Here are some facts about the company:
- ERI developed and houses the three largest, most efficient and most sophisticated proprietary e-waste shredders in the world.
- ERI has developed the most advanced and efficient proprietary glass cleaning system in the world today, solving the glass problem that so many e-waste recyclers struggle with.
- ERI’s proprietary dust filtration system (currently in effect in every ERI facility) is the world’s most successful of its kind, keeping workers and the surrounding communities safe.
- ERI is a totally green organization – from the fleet of hybrid vehicles driven by the sales team to the electric forklifts used on the shop floor to the methodology used to recycle the hundreds of tons of electronic waste that pass through the company’s doors. Even the furniture used in house is made from recycled materials.
- Fed by an innovative system of inter-warehouse conveyers, ERI's shredding system is hermetically sealed and OSHA approved.
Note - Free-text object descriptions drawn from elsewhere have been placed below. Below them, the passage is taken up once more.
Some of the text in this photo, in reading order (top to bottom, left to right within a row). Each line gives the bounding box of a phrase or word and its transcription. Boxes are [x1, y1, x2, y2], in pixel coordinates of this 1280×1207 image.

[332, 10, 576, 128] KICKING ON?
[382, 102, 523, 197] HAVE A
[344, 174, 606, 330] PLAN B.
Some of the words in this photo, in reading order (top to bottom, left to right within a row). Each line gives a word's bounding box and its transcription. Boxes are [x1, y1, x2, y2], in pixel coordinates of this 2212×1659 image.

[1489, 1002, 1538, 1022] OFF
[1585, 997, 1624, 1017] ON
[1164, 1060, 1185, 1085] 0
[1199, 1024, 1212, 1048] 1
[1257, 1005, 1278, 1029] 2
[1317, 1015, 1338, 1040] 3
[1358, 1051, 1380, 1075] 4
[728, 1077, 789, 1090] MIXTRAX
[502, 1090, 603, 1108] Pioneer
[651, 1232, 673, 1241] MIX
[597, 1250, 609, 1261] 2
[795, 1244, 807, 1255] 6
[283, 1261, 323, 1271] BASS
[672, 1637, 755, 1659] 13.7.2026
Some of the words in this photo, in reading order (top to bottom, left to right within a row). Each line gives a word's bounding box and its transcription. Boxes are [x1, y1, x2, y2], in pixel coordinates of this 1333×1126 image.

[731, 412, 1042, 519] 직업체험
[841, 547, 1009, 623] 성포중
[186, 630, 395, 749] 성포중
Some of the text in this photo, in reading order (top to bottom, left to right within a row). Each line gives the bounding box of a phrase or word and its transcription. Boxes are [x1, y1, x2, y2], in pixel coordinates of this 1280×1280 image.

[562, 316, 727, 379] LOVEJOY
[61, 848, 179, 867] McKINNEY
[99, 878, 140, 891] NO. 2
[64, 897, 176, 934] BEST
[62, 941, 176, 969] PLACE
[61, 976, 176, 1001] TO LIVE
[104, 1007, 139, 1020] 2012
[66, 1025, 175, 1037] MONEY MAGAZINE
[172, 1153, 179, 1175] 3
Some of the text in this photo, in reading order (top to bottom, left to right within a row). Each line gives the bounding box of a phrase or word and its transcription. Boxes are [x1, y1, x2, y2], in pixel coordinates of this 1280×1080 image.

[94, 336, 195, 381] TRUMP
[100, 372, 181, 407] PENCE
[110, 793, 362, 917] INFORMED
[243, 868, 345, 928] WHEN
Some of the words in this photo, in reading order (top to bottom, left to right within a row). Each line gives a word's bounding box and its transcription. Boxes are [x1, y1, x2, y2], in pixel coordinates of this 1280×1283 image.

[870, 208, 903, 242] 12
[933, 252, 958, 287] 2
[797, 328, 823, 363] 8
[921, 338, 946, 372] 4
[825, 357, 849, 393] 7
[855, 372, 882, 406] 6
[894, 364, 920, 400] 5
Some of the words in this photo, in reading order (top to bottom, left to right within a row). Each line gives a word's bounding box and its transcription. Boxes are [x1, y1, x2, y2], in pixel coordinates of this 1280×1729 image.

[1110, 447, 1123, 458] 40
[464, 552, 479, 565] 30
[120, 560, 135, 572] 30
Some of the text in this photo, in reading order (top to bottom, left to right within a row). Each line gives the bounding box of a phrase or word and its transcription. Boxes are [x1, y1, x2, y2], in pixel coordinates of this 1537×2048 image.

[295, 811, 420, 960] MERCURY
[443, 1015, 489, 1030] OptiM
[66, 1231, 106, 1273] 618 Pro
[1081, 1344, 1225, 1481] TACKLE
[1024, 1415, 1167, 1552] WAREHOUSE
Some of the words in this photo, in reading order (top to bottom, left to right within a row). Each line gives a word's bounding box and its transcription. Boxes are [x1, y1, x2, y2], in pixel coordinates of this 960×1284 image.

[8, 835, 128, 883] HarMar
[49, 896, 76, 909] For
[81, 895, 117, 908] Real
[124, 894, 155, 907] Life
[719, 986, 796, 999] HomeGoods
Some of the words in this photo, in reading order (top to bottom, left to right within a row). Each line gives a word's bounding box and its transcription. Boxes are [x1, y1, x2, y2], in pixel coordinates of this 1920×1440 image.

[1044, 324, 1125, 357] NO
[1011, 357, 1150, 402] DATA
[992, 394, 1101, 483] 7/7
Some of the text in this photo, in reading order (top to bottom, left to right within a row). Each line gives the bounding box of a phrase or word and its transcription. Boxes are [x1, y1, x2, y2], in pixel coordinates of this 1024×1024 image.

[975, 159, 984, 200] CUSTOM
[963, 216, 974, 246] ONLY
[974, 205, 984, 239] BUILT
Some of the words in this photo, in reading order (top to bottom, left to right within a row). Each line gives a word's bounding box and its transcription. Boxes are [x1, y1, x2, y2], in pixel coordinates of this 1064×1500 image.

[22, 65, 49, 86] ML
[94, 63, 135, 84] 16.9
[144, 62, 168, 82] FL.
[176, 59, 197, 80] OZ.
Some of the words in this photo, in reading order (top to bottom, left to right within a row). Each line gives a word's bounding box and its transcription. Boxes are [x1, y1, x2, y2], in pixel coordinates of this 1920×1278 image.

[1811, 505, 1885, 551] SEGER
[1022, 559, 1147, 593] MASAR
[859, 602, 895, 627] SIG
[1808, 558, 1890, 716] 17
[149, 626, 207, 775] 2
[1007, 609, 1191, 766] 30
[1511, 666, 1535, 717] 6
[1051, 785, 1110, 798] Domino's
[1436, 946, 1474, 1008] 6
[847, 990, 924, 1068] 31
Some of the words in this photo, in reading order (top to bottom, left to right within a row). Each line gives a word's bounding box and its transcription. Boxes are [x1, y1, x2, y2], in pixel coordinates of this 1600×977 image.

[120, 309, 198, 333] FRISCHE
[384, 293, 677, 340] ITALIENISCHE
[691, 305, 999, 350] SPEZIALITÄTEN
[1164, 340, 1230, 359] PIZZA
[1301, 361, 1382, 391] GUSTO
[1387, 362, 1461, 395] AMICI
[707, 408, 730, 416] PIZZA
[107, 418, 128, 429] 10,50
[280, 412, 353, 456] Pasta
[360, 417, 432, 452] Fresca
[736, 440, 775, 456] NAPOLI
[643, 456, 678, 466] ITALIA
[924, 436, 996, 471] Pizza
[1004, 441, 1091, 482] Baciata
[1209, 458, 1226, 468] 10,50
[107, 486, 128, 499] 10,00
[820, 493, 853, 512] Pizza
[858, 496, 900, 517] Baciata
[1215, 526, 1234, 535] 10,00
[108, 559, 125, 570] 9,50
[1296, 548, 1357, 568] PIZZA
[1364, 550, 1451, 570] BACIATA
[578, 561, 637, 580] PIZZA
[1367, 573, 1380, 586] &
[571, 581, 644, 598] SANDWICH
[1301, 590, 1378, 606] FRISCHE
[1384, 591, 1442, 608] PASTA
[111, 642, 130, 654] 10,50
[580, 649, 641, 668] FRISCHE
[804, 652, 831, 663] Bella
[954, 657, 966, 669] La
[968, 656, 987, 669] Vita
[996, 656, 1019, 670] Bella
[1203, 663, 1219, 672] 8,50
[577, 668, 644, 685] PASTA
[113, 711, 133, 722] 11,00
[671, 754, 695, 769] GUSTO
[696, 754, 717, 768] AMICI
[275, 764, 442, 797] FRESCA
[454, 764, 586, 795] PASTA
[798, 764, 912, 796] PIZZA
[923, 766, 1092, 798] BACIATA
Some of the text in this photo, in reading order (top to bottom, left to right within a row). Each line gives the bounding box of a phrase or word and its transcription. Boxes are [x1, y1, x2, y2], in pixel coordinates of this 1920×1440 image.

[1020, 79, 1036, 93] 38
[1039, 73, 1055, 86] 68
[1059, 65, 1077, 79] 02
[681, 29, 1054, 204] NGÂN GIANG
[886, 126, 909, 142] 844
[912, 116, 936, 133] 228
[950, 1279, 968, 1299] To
- "Cradle to Grave" barcode tracking system allows all materials to be tracked throughout all stages of the recycling process. This system insures compliance with environmental regulations as well as the privacy, satisfaction and integrity of ERI's clientele.
- ERI provides customers with Certificates of Assured Destruction, assuring clients that their e-waste is 100% recycled and is done so ethically and lawfully.
- ERI was the world’s first recycler of e-waste to be BOTH e-Stewards and R2 certified to de-manufacture and recycle every type of electronic waste in an environmentally friendly manner.
- ERI developed the first comprehensive video verification of destruction, providing clients with live video data of their e-waste destruction, removing all liability from clients and ensuring confidential information will never end up in anyone else's hands.
- ERI is the only e-waste recycler in the US to provide true nationwide coverage utilizing eight strategically located facilities across the country
- ERI has a variety of collaborating brands which help build exposure for ERI and its clients, including 1800Recycling, GreenisGood Radio, SellBackTech/BuyBackTech, and more.
ERI’s main objectives are to:
- Protect and promote each customer’s brand.
- Mitigate data security risks and potential liability.
- Provide efficient and thorough customer service.
- Ensure environmental compliance.
- Provide thorough, concise, and timely communication and reporting.
- Commit to building a partnership based on collaboration and trust.
ERI offers a multitude of solutions for managing electronics regardless of the type of business and the level of service required.